In his apostolic constitution Sacrae disciplinae leges, St. John Paul II, who promulgated a total reform of the entire canonical legal system of East and West, restated a fundamental principle of canon law. Ecclesiastical laws, insofar as they do not directly positivize Divine Law, natural or positive, are binding for a time and place; they are not immutable, nor are they the final word. The law, like the Church herself, is a living, breathing complex of norms and traditions which cannot be expected to remain unchanged for all time; as a living instrument of a living Church, canon law cannot be content to extinguish its relevance for the Church’s life by relegating itself to the status of a dead letter. The Holy Spirit, the Spirit who breaths Divine Life into the Bride of Christ, must become the Spirit of the law, and the Church must allow for the promptings of the Spirit to continually direct her legal development.
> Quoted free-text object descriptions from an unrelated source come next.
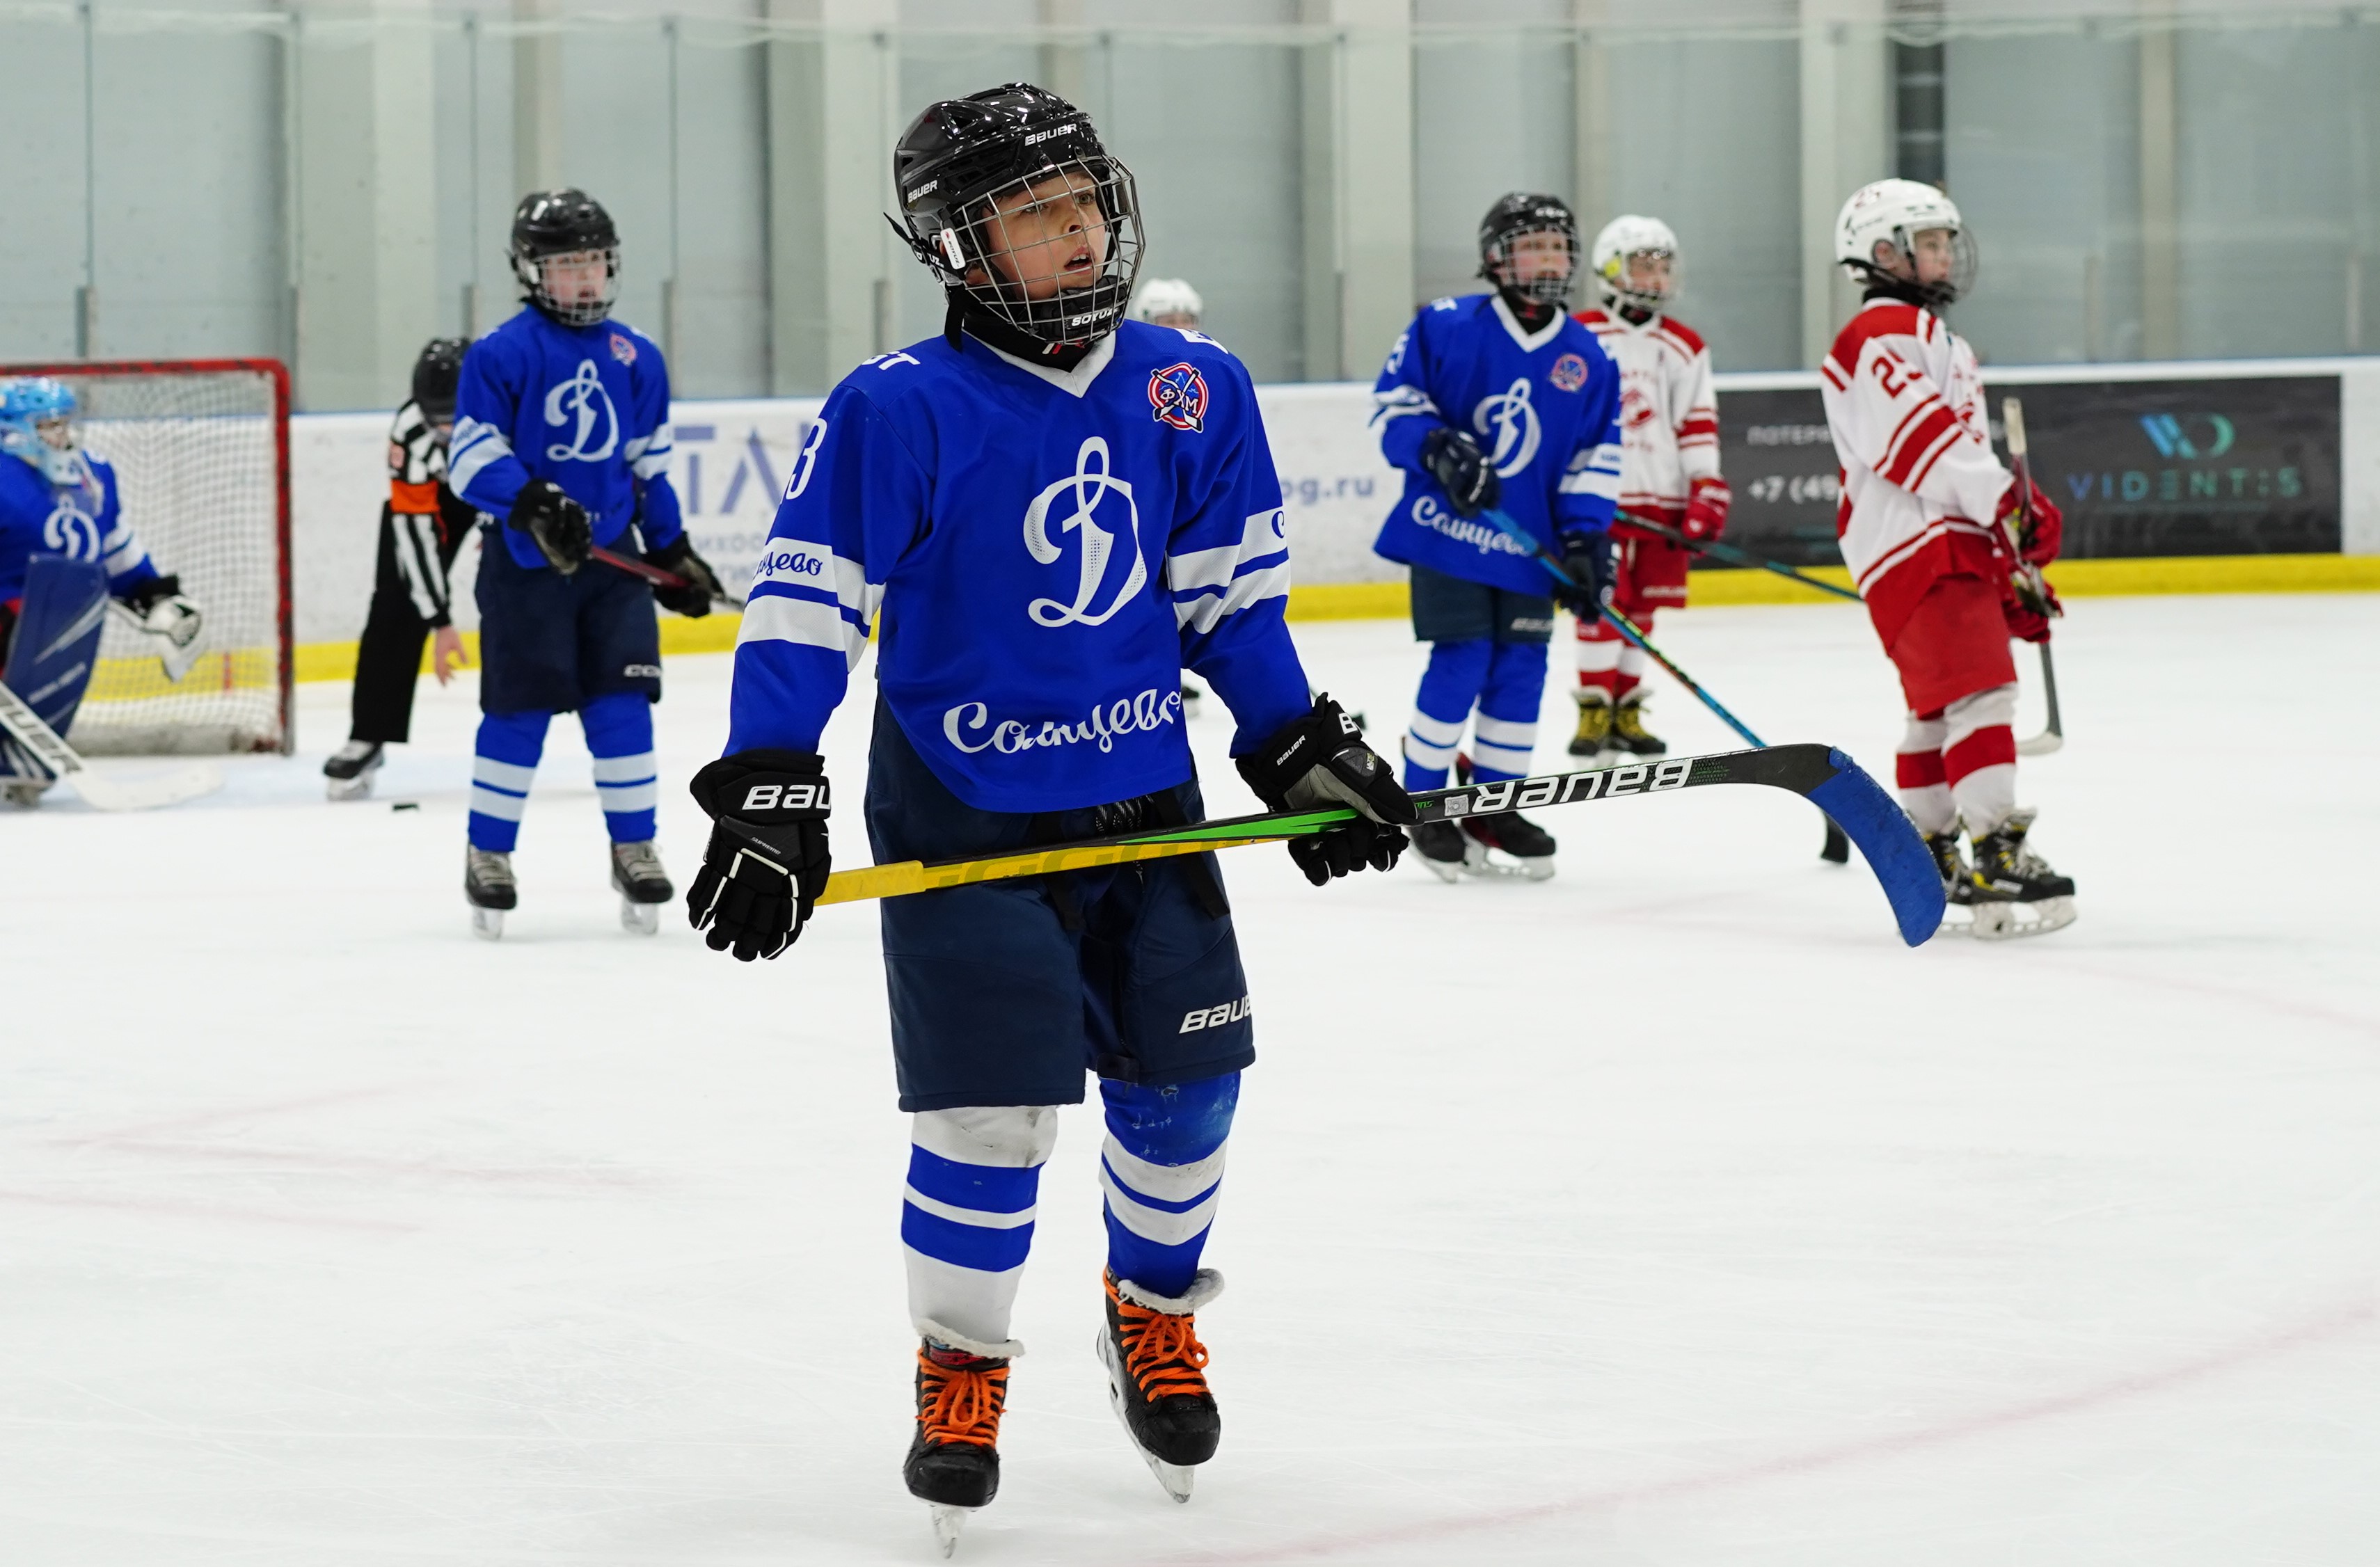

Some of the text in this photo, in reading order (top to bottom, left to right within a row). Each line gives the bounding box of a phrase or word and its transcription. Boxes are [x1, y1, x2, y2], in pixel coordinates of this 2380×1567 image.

[1024, 122, 1078, 147] BAUER
[907, 179, 938, 204] BAUER
[779, 417, 827, 504] 3
[1276, 735, 1306, 765] BAUER
[1471, 758, 1693, 814] BAUER
While the unquestioned pursuit of “progress” would be an ideological intrusion detrimental to the theological self-understanding of ecclesiastical law, neither can the competent authorities remain complacent with the law as it is, in slavish deference to the way things have been. Creative execution of the law constitutes the ordinary means whereby the universal and abstract legal tradition becomes concretized in the particulars of time and place, but when it happens that the historical, political, or cultural circumstances in which the Church ministers have undergone drastic change, or when the Church finds herself in new lands ministering to diverse peoples with unique traditions, the Church, in obedience to her Divine Founder’s great commission to go and make disciples of all the nations,[1] must adapt her means of salvific ministry to the needs of particular times and peoples. Divine Revelation and Sacred Tradition remain forever unchanged, but the disciplinary regime whereby the conditions for making God’s love manifest must be continually refined and adapted, if law is to be the “condition of love.”[2]
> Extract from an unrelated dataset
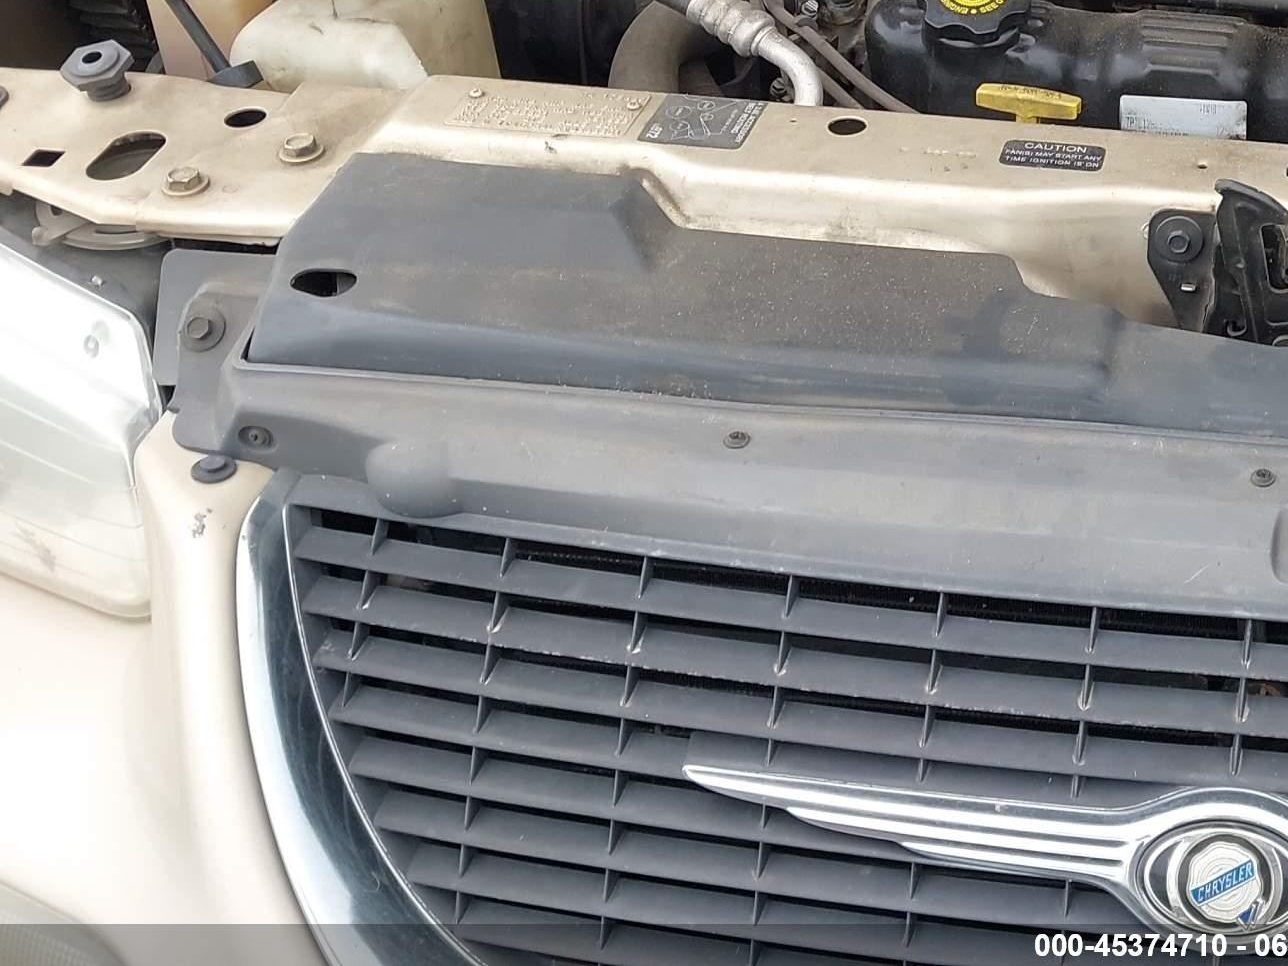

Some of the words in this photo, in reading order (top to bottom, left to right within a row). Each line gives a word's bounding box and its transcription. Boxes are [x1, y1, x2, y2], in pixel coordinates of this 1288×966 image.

Again and again we see the Church reforming her laws, either through the work of private canonists and local bishops and synods, or through the universally binding acts of pontiffs, ecumenical councils, and codification commissions. Gratian and the canonists and popes of the Gregorian Reform, the Council of Trent, and Pietro Cardinal Gasparri are central figures and events in the history of what we now know as canon law. St. John Paul II, likewise, the author of the statement we’re meditating upon, might even belong on this list, as he brought to completion the total reform of the Church’s law. Some contemporary canonical commentators mention in their doctrinal writings ideas for a future reform of canon law, noting certain lacunæ or inconsistencies in the law and proposing solutions. The 1917 Code was in effect for about 65 years. The 1983 Code has been in effect for just over 35 years. I don’t mean to suggest that we’re due for another comprehensive overhaul, but it is important to keep in mind the ultimately tentative, yet binding, nature of the merely ecclesiastical jus vigens.
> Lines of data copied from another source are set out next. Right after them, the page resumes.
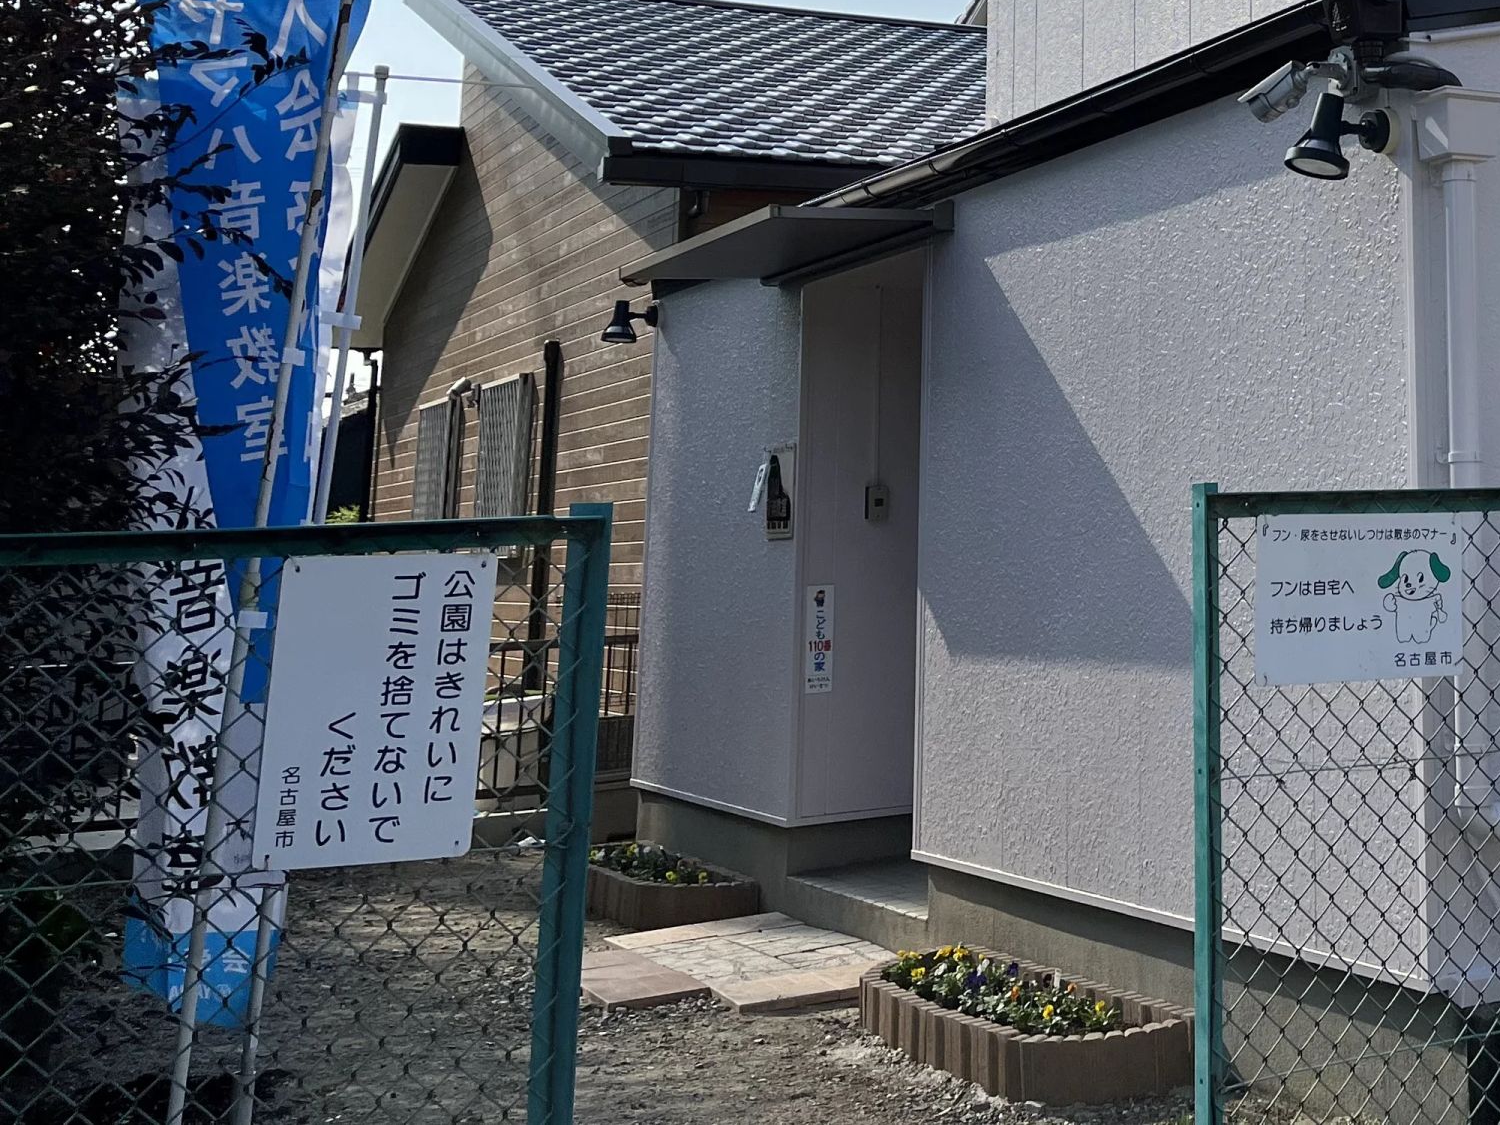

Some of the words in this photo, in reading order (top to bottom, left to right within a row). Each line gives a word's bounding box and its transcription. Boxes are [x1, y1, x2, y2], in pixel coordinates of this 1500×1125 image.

[1270, 579, 1355, 597] フンは自宅へ
[1270, 614, 1383, 635] 持ち帰りましょう
[424, 570, 476, 804] 公園はきれいに
[1394, 650, 1453, 668] 名古屋市
[368, 571, 427, 844] ゴミを捨てないで
[275, 766, 301, 849] 名古屋市
[315, 712, 357, 847] ください
The canonical legal tradition is in some sense outside of time, an unchanging and constant backdrop to which the jus vigens is connected and through which it is properly understood (1983 CIC c. 6 §2). The tradition is a continual source of inspiration, for as much as laws change, people do not, and most issues, administrative or penal, which presently arise have arisen previously. Many legal mechanisms for solving common problems have already been thought of and attempted, with some experiments having achieved desired results, only to be discarded in later periods though accident of history. Some of these mechanisms may well be revived to the benefit of the People of God. In the Church’s continual need for legal adjustment and reform, canonists do well to recall what our ancestors in the Church’s legal tradition attempted, so that our solutions to the here and now will be rooted thereby in a sort of professional communion with all canonists made one through baptismal incorporation into the Body of Christ. The Church’s law cannot become stagnant, but neither are contemporary canonists compelled to reinvent the rota.


The Roman Rota is the highest ordinary appellate tribunal in the canonical legal system, deriving its name from a "wheel" around which it judged causes in time immemorial.

[1] Matthew 28:19
[2] Benedict XVI, “Letter of His Holiness Benedict XVI to Seminarians (18 October 2010)”, Vatican.va, accessed December 12, 2018. http://w2.vatican.va/content/benedict-xvi/en/letters/2010/documents/hf_ben-xvi_let_20101018_seminaristi.html

(Body of the post originally an essay for canon law school, submitted 12/12/2018).